Он набрал номер и произнес: ”Извините, могу я поговорить с мистером Спотлайтом (Прожектором)?”

Тут мы начали ржать, на этом все и закончилось. Тогда я позвонил агенту Mythology Монике Линтон в Карлайл и сказал: “У нас тут группа, дай нам шанс.”

Она ответила: “Ладно, но вам придется играть что-то из Топ-20, и тогда уже может пройти и немного блюза.”

“Хорошо, хорошо.”


И мы подались в Карлайл. В округе, в местечке под названием Эгремонт (Egremont), мы играли в “Toe Bar”. Ко мне подошел крупный шотландский парнишка и говорит: “Вокалист у вас дерьмовый.”

“А, да. Спасибо.”


Мы наверное выглядели, как чёртова гоп-компания: я в своей замшевой куртке, Билл в смердящих шмотках, плюс еще был Оззи, побривший голову под ноль. Гизер носил длинное индейское хиппарское платье. “Мир”, “чувак”, и все такое. Я думал: странно это, парень в платье. И во что только я дал себя впутать?
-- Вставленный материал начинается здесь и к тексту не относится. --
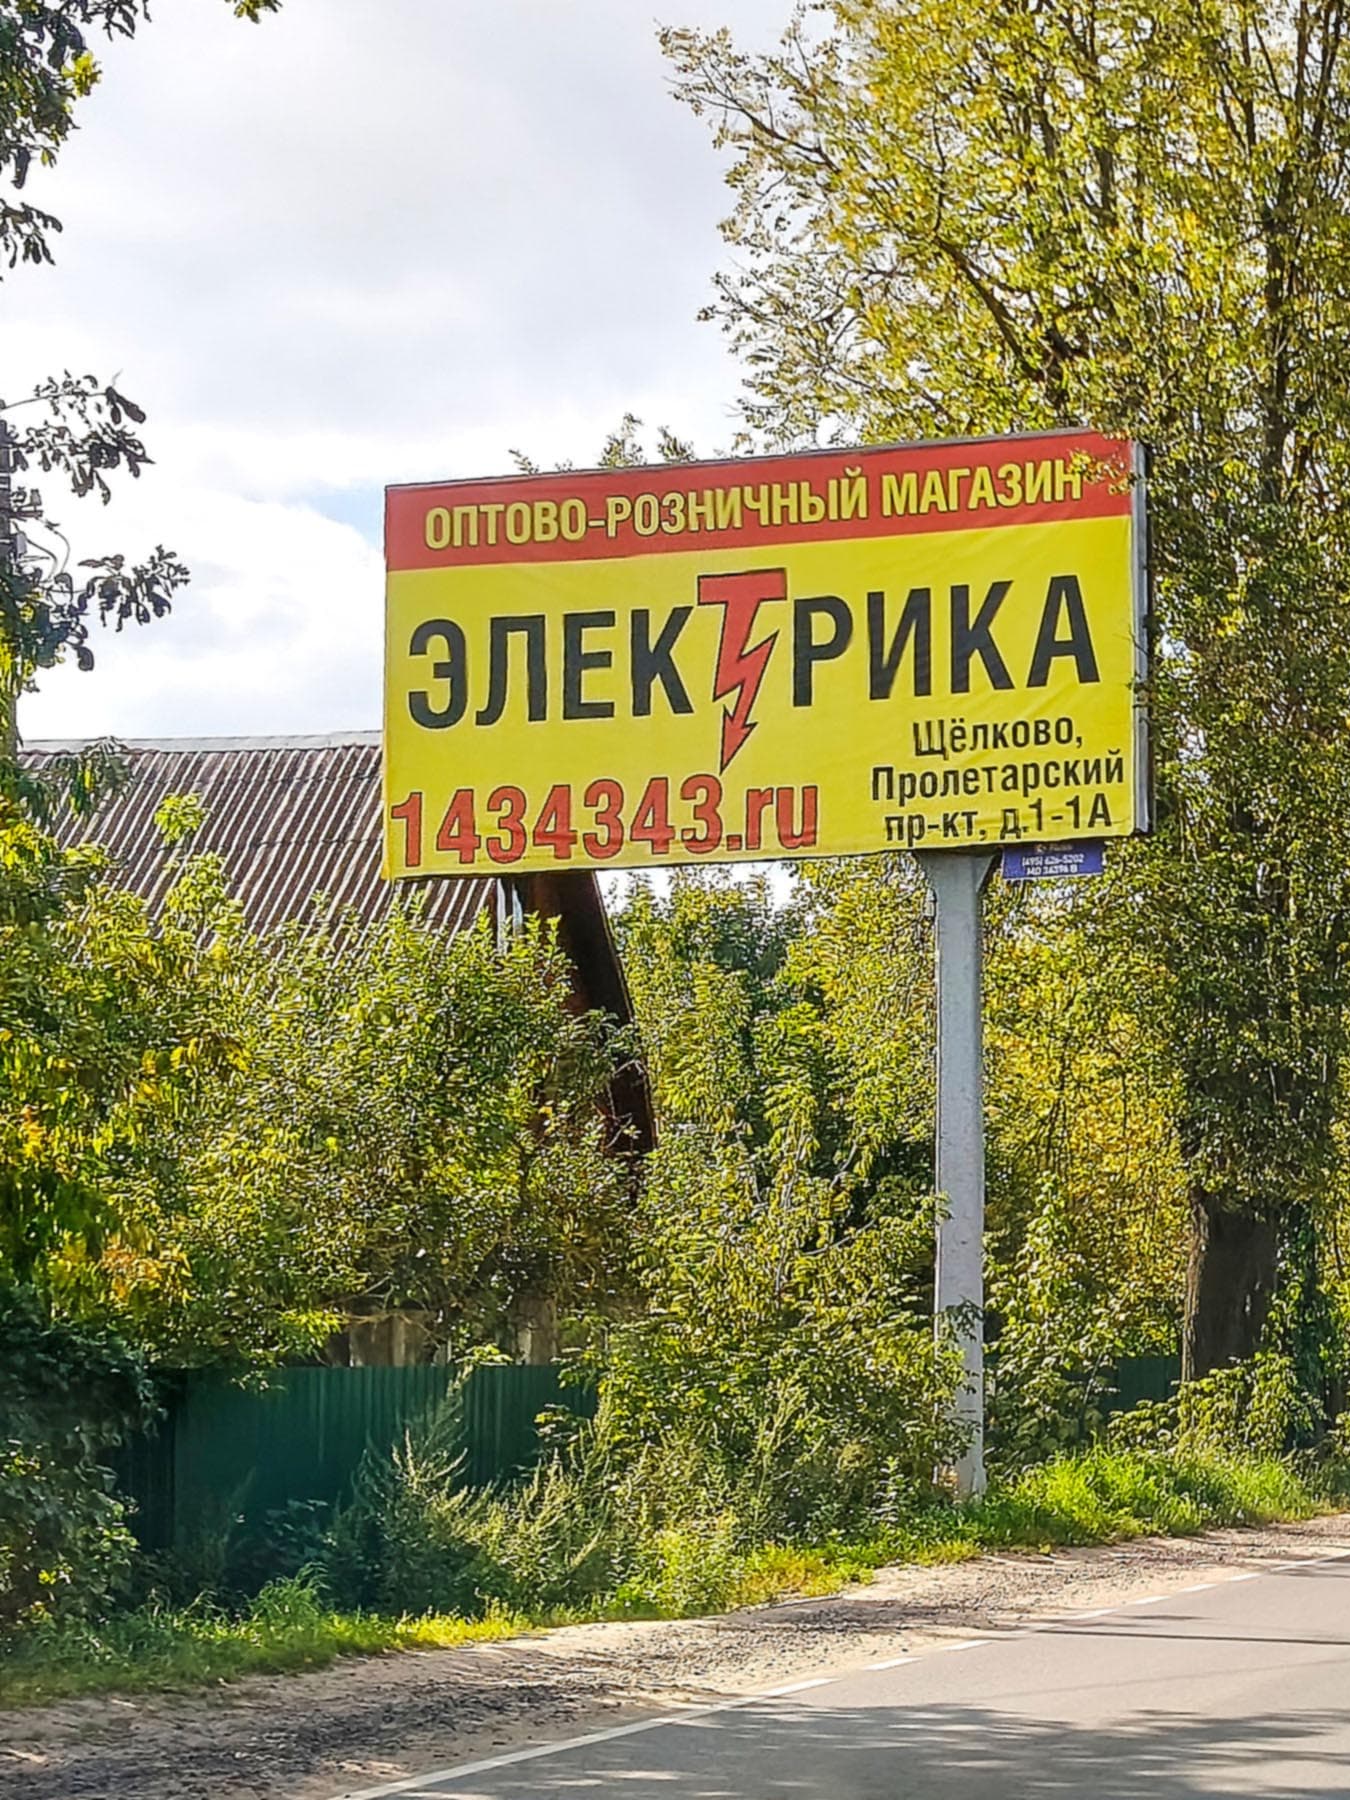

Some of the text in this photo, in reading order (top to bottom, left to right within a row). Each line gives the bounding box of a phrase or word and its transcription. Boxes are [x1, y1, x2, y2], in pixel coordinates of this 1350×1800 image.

[425, 458, 1082, 550] ОПТОВО-РОЗНИЧНЫЙ МАГАЗИН
[408, 568, 1101, 773] ЭЛЕКТРИКА
[912, 717, 1083, 760] Щёлково,
[872, 748, 1124, 807] Пролетарский
[391, 774, 818, 867] 1434343.ru
[885, 810, 988, 847] пр-кт,
Гизер встречался с девчонкой, жившей неподалеку от нашей лавки, так что я часто видел, как он проходил мимо. Ещё чаще я встречался с ним, когда играл с командой в ночном клубе, где также выступала и группа Гизера Rare Breed. Тогда можно было встретить его, пробирающегося мимо по стенам, он тогда кислоту принимал. Я считал его чокнутым. Когда мы отыграли в “Глоб Хотел” в Карлайле, вбежал какой-то идиот, который пнул парочку полицейских и убил одну из их собак. Мы как раз выносили оборудование, а Гизер спускался по лестнице в своей хиппарской одёжке с парочкой гитар, и тут на него налетает этот парень: “Тыыыыаааа!”

Гизер воскликнул: “Ой!”

Он опустил гитары и принялся кричать: “Не бей меня, чувак, я мирный!”
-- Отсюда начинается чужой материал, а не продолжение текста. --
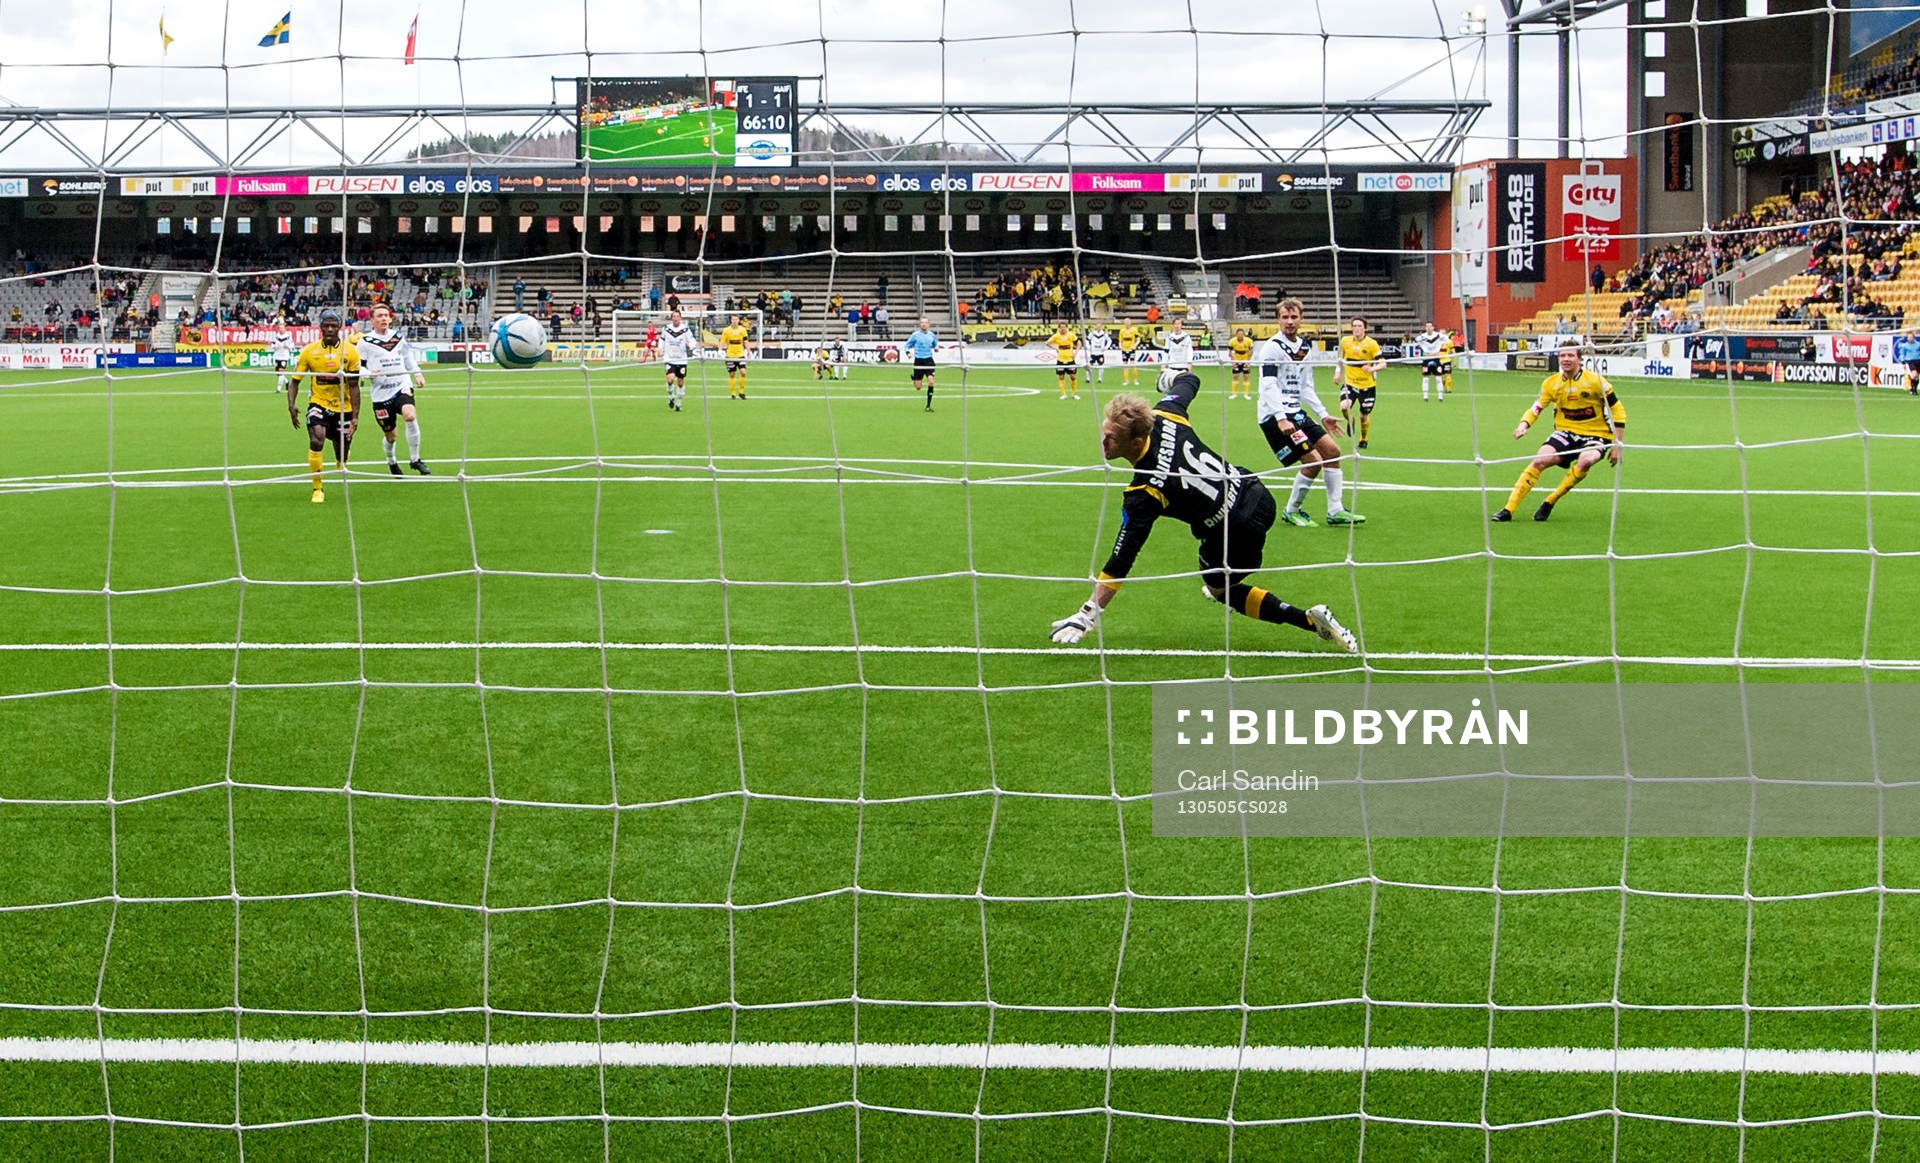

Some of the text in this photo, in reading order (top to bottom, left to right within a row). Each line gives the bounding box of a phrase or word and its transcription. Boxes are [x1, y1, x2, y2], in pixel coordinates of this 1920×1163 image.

А потом побежал. Это было невероятно, абсолютно невменяемый здоровяк, гонящийся за Гизером, и Гизер в своем кафтане, отчаянно пытающийся сбежать от него. Понадобилась целая свора полицейских, чтобы унять чувака и увезти его в тюрьму. Чёрт побери: какое замечательное начало для новой группы!


Джимми Филлипс и саксофонист долго у нас не задержались. Если было соло, то все играли его одновременно. Эти двое похоже делали это на потеху, и меня это расстраивало. Я созвал Билла, Гизера и Оззи на небольшое совещание и сказал: “Саксофонист у нас не в тему, да и Джимми Филлипс тоже.”

Они спросили: ”И как ты хочешь поступить?”

Мне не хотелось задевать чьи-то чувства, выгоняя их, так что мы сказали им, что распадаемся. После этого мы пару дней не встречались, а потом вернулись к работе вчетвером.


Первые выступления получились отстойными. Эта группа даже рядом не стояла с Mythology, но я твердил: “Пройдет время, и все получится.”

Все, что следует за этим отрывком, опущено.